The meaning of "machine accuracy"

Hello.
I am using the cuSOLVER eigen-decomposition function cusolverDnCheevjBatched, and I see the documentation says the default value for the tolerance is “machine accuracy”.

I am not sure exactly what that means, and since there is no function to read it but only a cusolverDnXsyevjSetTolerance to set it, I cannot know for sure.
Does anyone have an idea of what the machine accuracy is? I assume it’s probably 2^-24 for single precision.

Hi Spraesi,

may I ask why you use CheevjBatched and not cusolverDnXsyevBatched? What is your typical input matrix size?

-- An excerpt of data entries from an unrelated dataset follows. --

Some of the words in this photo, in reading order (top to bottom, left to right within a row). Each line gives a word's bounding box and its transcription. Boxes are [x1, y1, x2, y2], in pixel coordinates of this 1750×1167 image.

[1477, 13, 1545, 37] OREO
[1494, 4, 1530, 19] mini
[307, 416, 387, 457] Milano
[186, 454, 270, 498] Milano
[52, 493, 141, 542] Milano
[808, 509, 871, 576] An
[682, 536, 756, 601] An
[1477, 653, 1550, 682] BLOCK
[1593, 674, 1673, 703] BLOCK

It’s just because I am targeting CUDA 11.8 (October 2022) and above.
I call CheevjBatched to speed up computations in MATLAB R2024b, which supports CUDA 12.2 “natively”, and the input is a 351x351x24 tensor.

Seems cusolverDnXsyevBatched was added quite recently with CUDA 12.6.2 (October 2024), but I am really curious if it is faster than CheevjBatched and to see if it does not have the issue mentioned in syevjBatched cannot be run asynchronously (because it seems I can at least pin the host-side workspace memory).
I just haven’t had time to check it out yet, and I’ll proably wait till a MATLAB release, where it is “natively” supported, so I do not have to compile statically with cuSOLVER (to avoid conflicting libraries) to use it.
Should I expect a speed-up using cusolverDnXsyevBatched over CheevjBatched?

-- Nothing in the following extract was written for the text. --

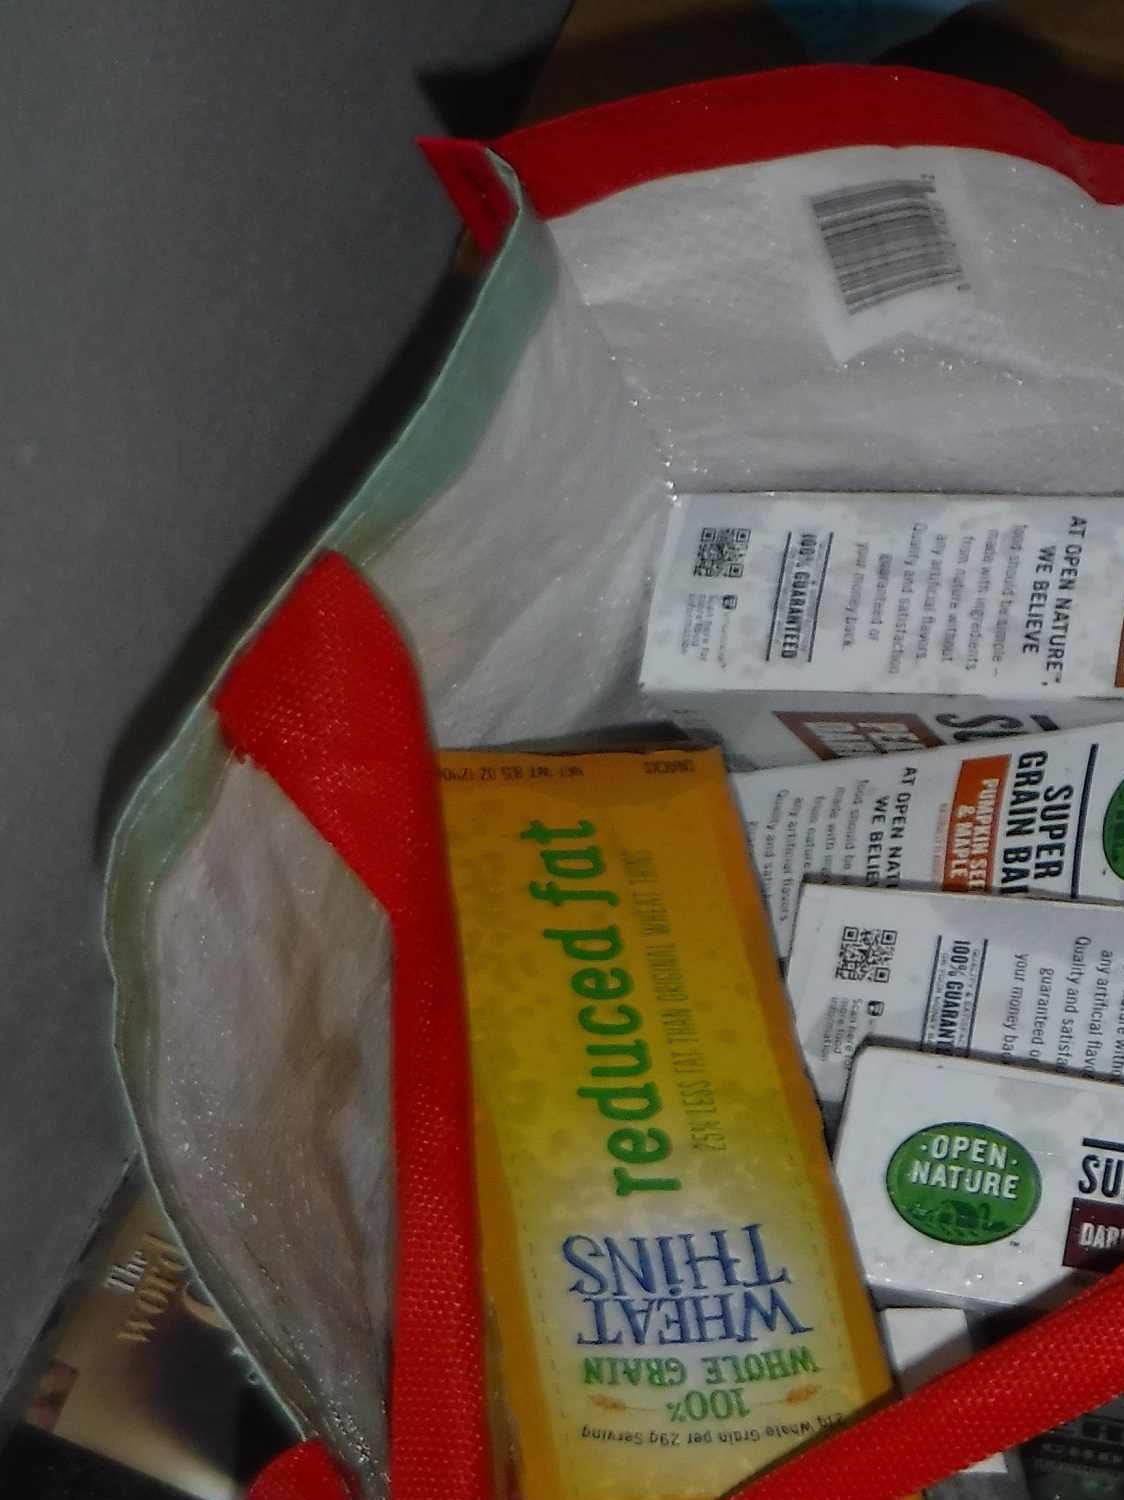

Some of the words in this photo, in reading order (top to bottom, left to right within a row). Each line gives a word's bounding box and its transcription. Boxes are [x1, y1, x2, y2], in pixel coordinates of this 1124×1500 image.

In the documentation for syevj, it states

If the user sets an improper tolerance, syevj may not converge. For example, tolerance should not be smaller than machine accuracy.

And in the corresponding code example, it says in a comment “default value of tolerance is machine zero”.

So this implies the default tolerance value is some non-zero value, probably 2^-23 for floats.

The new API cusolverDnXsyevBatched does not support setting the tolerance, which is also a shame since increasing the tolerance greatly improved the speed without reducing the quality in my case.